After finding the line that includes "this 1600×900 image." in the records below, transcribe it and each line after it through the last, exactly, and add nothing.

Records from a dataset
^^^^^^^^^^^^^^^^

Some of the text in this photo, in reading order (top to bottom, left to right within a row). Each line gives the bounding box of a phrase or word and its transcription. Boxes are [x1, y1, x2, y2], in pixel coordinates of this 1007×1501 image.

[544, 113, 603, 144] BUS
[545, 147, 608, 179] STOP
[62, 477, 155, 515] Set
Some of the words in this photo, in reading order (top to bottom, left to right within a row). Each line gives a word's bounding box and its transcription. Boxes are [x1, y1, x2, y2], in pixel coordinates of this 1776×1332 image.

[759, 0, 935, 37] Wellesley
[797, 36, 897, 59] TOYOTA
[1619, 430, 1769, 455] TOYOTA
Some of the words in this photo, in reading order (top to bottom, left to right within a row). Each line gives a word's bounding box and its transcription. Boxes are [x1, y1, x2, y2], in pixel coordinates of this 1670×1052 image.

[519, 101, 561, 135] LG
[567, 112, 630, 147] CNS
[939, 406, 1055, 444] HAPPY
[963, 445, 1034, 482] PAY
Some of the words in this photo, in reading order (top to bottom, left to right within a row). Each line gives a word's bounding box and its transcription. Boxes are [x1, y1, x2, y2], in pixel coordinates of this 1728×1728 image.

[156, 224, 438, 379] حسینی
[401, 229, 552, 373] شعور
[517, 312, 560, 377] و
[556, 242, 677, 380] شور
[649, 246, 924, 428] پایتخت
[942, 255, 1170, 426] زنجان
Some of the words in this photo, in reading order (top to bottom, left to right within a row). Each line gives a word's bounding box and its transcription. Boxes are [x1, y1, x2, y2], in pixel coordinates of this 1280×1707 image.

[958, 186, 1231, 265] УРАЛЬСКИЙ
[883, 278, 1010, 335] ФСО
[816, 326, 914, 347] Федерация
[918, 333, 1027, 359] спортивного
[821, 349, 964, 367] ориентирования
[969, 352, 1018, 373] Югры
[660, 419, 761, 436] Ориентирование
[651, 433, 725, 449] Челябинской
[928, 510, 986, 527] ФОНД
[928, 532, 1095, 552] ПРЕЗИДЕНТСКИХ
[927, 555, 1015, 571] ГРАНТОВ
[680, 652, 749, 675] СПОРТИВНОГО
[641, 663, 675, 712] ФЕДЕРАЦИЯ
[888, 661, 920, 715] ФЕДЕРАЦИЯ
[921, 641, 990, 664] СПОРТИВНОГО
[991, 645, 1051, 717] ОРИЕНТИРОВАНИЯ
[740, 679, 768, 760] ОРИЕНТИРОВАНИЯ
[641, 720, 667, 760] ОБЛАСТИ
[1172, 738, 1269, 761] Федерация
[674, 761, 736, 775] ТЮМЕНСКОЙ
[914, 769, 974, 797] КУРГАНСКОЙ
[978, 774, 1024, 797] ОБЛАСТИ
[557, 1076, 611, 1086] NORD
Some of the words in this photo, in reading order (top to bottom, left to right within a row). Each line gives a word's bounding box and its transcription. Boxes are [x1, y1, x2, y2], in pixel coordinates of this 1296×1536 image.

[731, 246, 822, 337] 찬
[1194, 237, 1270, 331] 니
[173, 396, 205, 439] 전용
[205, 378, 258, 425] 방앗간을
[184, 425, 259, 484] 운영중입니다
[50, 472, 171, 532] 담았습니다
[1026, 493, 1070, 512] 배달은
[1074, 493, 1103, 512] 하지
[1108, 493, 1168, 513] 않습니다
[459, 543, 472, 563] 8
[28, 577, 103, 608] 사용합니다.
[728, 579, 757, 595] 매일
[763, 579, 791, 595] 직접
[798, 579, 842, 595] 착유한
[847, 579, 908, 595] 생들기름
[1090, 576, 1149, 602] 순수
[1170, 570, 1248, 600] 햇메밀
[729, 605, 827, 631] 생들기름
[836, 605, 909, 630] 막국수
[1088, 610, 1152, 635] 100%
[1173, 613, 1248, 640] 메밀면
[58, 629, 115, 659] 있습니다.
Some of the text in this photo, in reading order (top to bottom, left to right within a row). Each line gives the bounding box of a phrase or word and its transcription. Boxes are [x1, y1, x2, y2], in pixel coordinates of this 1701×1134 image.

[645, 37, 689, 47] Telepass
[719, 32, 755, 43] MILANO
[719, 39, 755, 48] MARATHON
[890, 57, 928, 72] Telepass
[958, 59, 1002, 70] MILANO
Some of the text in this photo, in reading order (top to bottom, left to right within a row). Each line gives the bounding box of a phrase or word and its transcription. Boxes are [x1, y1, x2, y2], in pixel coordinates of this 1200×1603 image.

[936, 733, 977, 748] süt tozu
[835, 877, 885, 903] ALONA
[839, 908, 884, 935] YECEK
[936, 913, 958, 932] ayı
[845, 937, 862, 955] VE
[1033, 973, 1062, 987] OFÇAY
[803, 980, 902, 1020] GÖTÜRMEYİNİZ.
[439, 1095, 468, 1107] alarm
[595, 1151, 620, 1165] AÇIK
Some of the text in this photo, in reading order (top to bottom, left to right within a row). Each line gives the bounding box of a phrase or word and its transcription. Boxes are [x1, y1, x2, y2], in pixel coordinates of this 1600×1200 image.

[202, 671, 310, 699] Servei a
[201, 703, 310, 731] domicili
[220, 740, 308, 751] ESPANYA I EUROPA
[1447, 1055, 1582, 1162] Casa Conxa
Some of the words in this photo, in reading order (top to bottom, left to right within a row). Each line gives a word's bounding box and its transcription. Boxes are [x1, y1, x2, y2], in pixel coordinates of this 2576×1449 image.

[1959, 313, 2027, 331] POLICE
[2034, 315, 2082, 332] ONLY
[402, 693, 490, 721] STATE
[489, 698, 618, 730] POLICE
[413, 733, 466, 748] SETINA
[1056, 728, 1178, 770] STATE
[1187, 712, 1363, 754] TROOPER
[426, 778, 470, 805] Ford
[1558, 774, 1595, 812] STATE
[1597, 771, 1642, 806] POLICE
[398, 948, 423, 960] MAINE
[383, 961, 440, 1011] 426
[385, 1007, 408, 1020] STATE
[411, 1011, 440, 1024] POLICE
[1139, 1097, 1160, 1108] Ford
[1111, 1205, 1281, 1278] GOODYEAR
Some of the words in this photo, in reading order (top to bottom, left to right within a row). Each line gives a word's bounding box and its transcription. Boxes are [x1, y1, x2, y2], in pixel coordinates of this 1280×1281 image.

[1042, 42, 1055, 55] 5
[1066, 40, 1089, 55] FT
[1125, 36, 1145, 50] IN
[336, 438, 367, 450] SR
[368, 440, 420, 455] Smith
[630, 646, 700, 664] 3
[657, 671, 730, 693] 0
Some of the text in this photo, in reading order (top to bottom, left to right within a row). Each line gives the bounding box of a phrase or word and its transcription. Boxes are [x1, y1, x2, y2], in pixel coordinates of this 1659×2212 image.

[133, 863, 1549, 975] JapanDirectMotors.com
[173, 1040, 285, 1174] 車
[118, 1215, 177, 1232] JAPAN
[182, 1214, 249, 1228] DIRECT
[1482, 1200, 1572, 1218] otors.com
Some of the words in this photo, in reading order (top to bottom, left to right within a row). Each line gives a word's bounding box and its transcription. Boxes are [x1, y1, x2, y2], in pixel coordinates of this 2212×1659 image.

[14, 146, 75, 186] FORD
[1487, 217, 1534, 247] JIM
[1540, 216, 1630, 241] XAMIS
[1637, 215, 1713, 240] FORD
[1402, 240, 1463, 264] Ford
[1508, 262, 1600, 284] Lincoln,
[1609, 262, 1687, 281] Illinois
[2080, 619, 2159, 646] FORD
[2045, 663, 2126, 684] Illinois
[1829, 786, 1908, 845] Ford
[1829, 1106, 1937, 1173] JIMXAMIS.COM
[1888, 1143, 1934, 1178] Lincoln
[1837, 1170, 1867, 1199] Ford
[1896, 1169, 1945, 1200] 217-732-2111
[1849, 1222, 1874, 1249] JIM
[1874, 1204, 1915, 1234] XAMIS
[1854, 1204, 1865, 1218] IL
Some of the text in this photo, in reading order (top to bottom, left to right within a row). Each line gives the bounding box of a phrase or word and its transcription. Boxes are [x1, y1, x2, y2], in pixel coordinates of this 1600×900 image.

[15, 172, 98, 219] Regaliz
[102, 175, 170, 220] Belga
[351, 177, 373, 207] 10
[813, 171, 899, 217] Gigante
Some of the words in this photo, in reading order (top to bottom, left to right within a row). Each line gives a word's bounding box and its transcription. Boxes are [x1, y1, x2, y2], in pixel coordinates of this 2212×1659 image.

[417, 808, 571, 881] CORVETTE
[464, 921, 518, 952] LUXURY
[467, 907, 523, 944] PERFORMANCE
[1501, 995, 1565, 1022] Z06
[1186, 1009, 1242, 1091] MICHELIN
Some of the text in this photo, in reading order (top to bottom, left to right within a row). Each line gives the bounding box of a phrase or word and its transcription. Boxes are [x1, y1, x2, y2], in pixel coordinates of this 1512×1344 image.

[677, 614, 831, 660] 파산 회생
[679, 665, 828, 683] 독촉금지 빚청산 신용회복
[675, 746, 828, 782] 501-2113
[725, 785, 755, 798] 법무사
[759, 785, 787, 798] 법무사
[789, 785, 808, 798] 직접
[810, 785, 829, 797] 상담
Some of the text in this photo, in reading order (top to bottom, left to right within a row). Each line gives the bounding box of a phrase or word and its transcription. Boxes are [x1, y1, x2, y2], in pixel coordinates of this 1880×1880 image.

^^^^^^^^^^^^^^^^

**Solution to this exercise**
Some of the text in this photo, in reading order (top to bottom, left to right within a row). Each line gives the bounding box of a phrase or word and its transcription. Boxes are [x1, y1, x2, y2], in pixel coordinates of this 1600×900 image.

[15, 172, 98, 219] Regaliz
[102, 175, 170, 220] Belga
[351, 177, 373, 207] 10
[813, 171, 899, 217] Gigante
Some of the words in this photo, in reading order (top to bottom, left to right within a row). Each line gives a word's bounding box and its transcription. Boxes are [x1, y1, x2, y2], in pixel coordinates of this 2212×1659 image.

[417, 808, 571, 881] CORVETTE
[464, 921, 518, 952] LUXURY
[467, 907, 523, 944] PERFORMANCE
[1501, 995, 1565, 1022] Z06
[1186, 1009, 1242, 1091] MICHELIN
Some of the text in this photo, in reading order (top to bottom, left to right within a row). Each line gives the bounding box of a phrase or word and its transcription. Boxes are [x1, y1, x2, y2], in pixel coordinates of this 1512×1344 image.

[677, 614, 831, 660] 파산 회생
[679, 665, 828, 683] 독촉금지 빚청산 신용회복
[675, 746, 828, 782] 501-2113
[725, 785, 755, 798] 법무사
[759, 785, 787, 798] 법무사
[789, 785, 808, 798] 직접
[810, 785, 829, 797] 상담
Some of the text in this photo, in reading order (top to bottom, left to right within a row). Each line gives the bounding box of a phrase or word and its transcription. Boxes are [x1, y1, x2, y2], in pixel coordinates of this 1880×1880 image.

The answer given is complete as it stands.